[Start of section]

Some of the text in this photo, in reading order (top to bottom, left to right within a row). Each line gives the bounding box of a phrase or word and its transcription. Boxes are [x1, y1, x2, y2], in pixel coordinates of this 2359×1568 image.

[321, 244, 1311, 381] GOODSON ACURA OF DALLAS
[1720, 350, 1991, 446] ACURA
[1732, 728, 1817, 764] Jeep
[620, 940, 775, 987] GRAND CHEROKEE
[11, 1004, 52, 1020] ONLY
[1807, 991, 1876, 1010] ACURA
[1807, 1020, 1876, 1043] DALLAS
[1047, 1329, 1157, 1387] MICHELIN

[End of section]

# [Work required]
The whole listing above needs to be transcribed exactly.

# [Response for this exercise]
Some of the text in this photo, in reading order (top to bottom, left to right within a row). Each line gives the bounding box of a phrase or word and its transcription. Boxes are [x1, y1, x2, y2], in pixel coordinates of this 2359×1568 image.

[321, 244, 1311, 381] GOODSON ACURA OF DALLAS
[1720, 350, 1991, 446] ACURA
[1732, 728, 1817, 764] Jeep
[620, 940, 775, 987] GRAND CHEROKEE
[11, 1004, 52, 1020] ONLY
[1807, 991, 1876, 1010] ACURA
[1807, 1020, 1876, 1043] DALLAS
[1047, 1329, 1157, 1387] MICHELIN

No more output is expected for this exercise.